We must say, there really is no Grand Mystery involved when it comes to “Who Killed the Republic” when we have mouth-breathing liberal clue-fearing imbeciles like the one described in this article about how libtards in Austin find themselves priced out of their homes (h/t LC & IB Mike Hendrix):
“I’m at the breaking point,” said Gretchin Gardner, an Austin artist…
…aaaand we could stop right there, at “Austin artist”, and need say not one single word more. But we won’t, because we like nursing our Colossal SchadenBoner™.
who bought a 1930s bungalow in the Bouldin neighborhood just south of downtown in 1991 and has watched her property tax bill soar to $8500 this year.
“It’s not because I don’t like paying taxes,” said Gardner, who attended both meetings [of “irate homeowners”]. “I have voted for every park, every library, all the school improvements, for light rail, for anything that will make this city better. But now I can’t afford to live here anymore.”
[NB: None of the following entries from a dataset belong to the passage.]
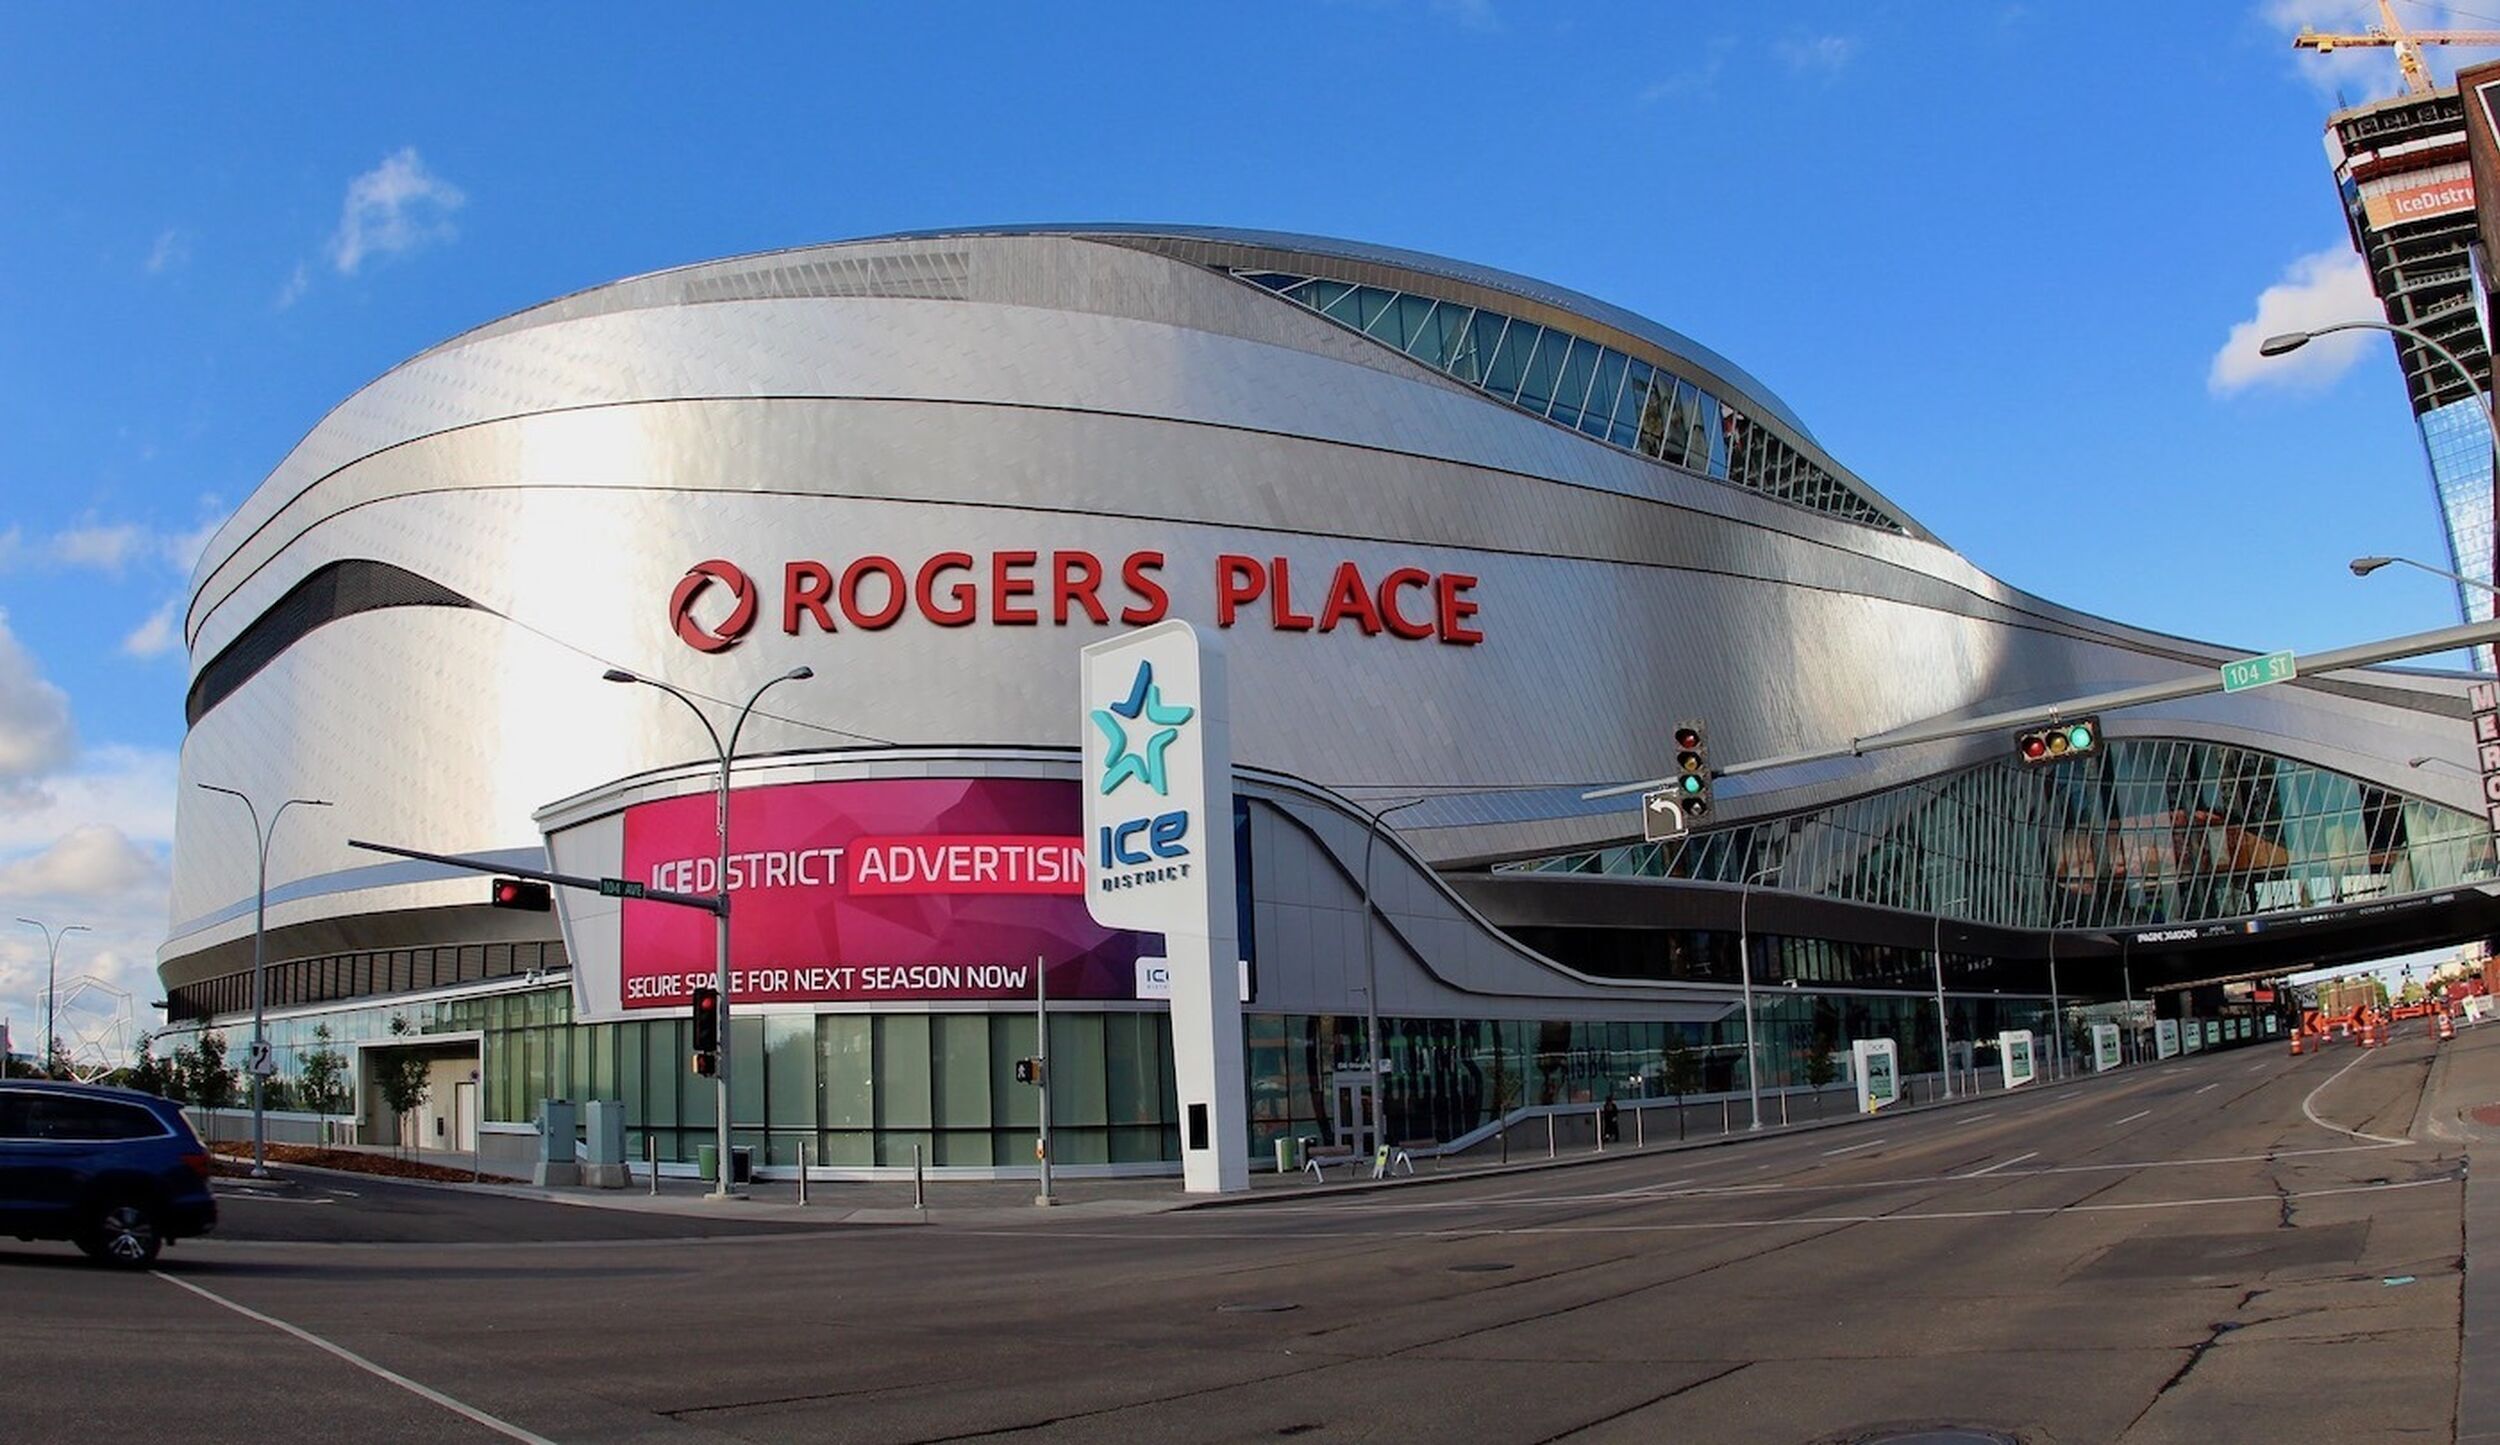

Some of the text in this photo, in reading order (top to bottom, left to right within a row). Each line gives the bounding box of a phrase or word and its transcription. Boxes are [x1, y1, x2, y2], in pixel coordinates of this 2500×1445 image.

[783, 551, 1483, 645] ROGERS PLACE
[2230, 656, 2287, 686] 104 ST
[1102, 863, 1191, 892] DISTRICT
[628, 975, 681, 998] SECURE
[749, 969, 788, 992] FOR
[795, 968, 856, 991] NEXT
[861, 966, 960, 990] SEASON
[967, 966, 1027, 989] NOW
No. She doesn’t mind paying taxes. She just didn’t expect that she would have to pay them, just like every other socialist ProgNazi, ever so generous with other people’s money.
What in the name of Mercury’s hemorrhoids did you expect would happen to your tax bill when you kept voting for every “freebie” you could lay your greedy, piggy progressive eyes on?
It reminds us of the ProgNazi couple from KKKalifornikate who found that they couldn’t keep the plan they liked because it had been priced out of existence by their masturbation fantasy, Obama. “We’ve always been in favor of free healthcare, we just didn’t expect that we would have to pay for it.”
It’s always somebody else who is supposed to pick up the tab for the ProgNazi socialists’ vote buying schemes, and that’s at the rotten, filthy, thieving, oppressive core of every single thrice-damned pestilential socialist’s being: “Somebody else will pay for this, and that’s why I’m for it.”
Sucks, doesn’t it? “Somebody else” is fresh out of money, so we guess you’re going to have to pay for your own “largesse” for once.
We didn’t kill enough of you parasites during WWII. Great pity, that. But it’s never too late to start picking up the slack.